Ma. Daniela Piedra Carrión
La desnutrición infantil no sólo es una tragedia individual, sino también un desafío colectivo que socava el potencial de generaciones enteras y perpetúa el ciclo de la pobreza. Los niños que sufren de desnutrición enfrentan un mayor riesgo de enfermedades, discapacidades y retrasos en su crecimiento físico y cognitivo, teniendo un impacto inmediato en su calidad de vida.
Desde el enfoque interseccional, la desnutrición se expresa de diferente forma en ciertos grupos poblacionales. La ENDI 2022-2023, nos muestra fotografías específicas, como en el caso de etnias, en donde en la población indígena la desnutrición es mayor (33,4%) en comparación con poblaciones afro, montubia, mestiza, blanca u otra. En cuanto a nivel de instrucción de la madre, esta afectación es más alta cuando el nivel de educación es básico o ninguna; además, la presencia del padre suele ser nula en cuanto al cuidado de la salud de sus hijos/as. Y, por último, a nivel nacional, en la ruralidad es mayor el porcentaje (21,9%), pero se agudiza en las ruralidades de la Sierra, seguido de la ruralidad de la Amazonía del Ecuador (28% y 23% respectivamente).

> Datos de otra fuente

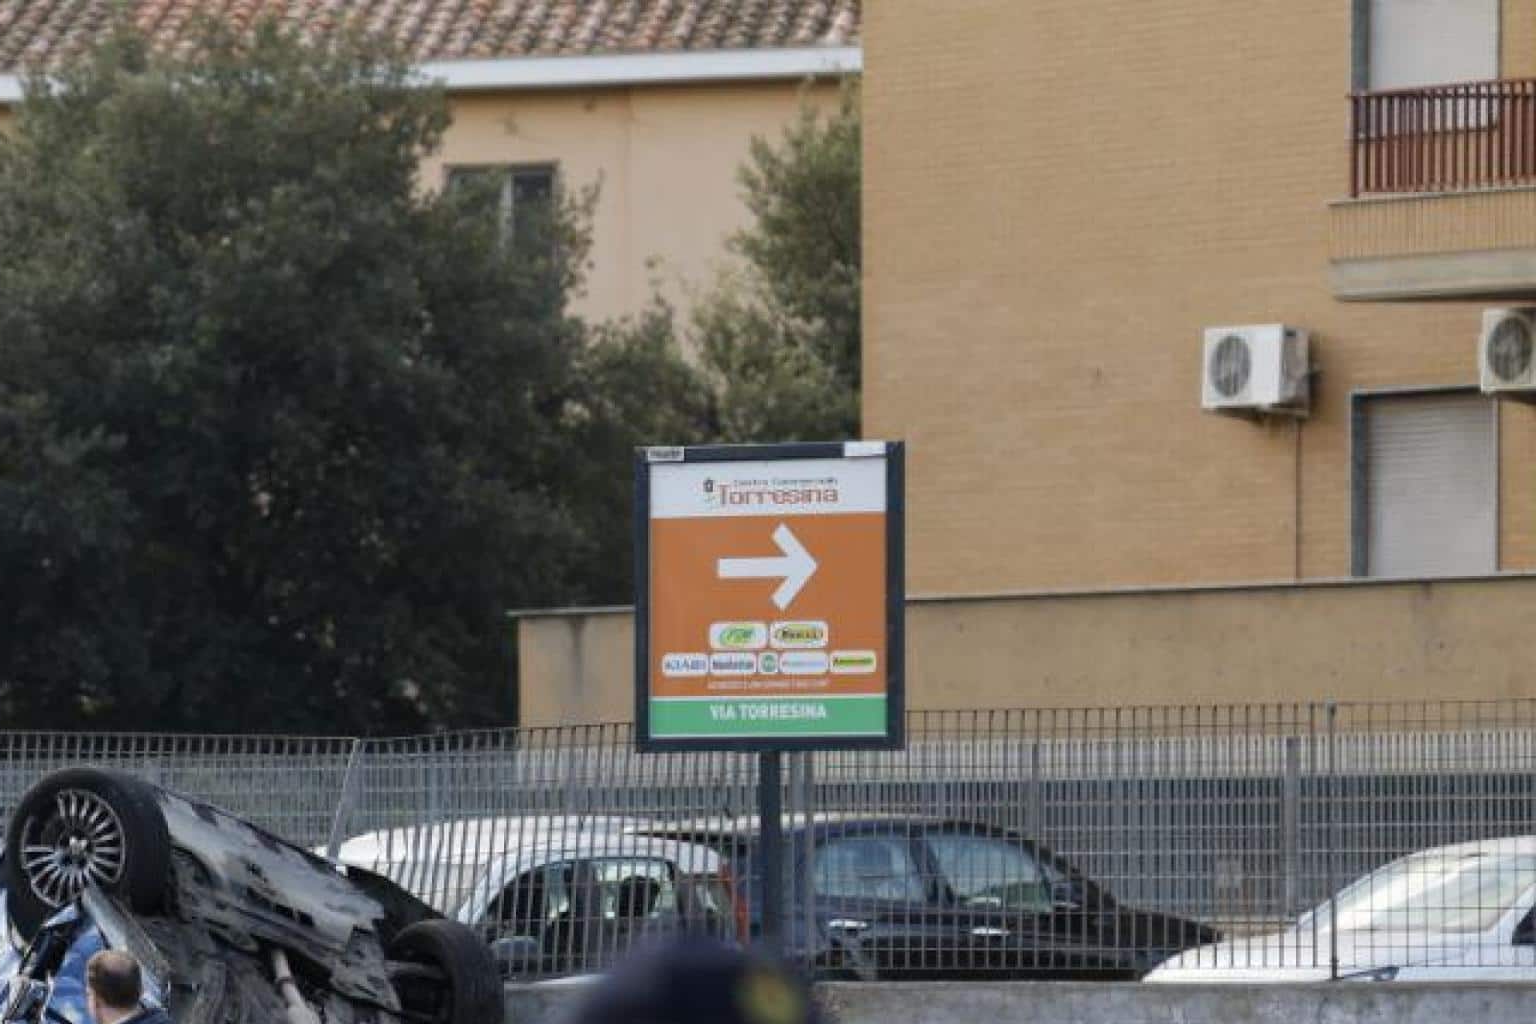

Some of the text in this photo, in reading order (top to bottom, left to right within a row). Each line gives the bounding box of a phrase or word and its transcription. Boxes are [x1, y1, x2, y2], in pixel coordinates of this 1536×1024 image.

[718, 484, 839, 506] Torresina
[709, 703, 826, 720] VIA TORRESINA

Con tan solo estos datos se evidencia el resultado de una falta de calidad en la educación, alimentación y atención médica oportuna; además de la pobreza, la falta de acceso a servicios básicos y la desigualdad de género. A largo plazo implica una sociedad menos productiva, con una fuerza laboral enferma y menos eficiente, generando un alto costo para un sistema de salud frágil y afectaciones al desarrollo económico social.
En fin, la desnutrición infantil es un problema que altera la estructura de una sociedad. Cambiarlo, requiere un compromiso a largo plazo y de todos/as para garantizar el fin del ciclo de la desnutrición infantil y construir un futuro próspero y con igualdad de oportunidades.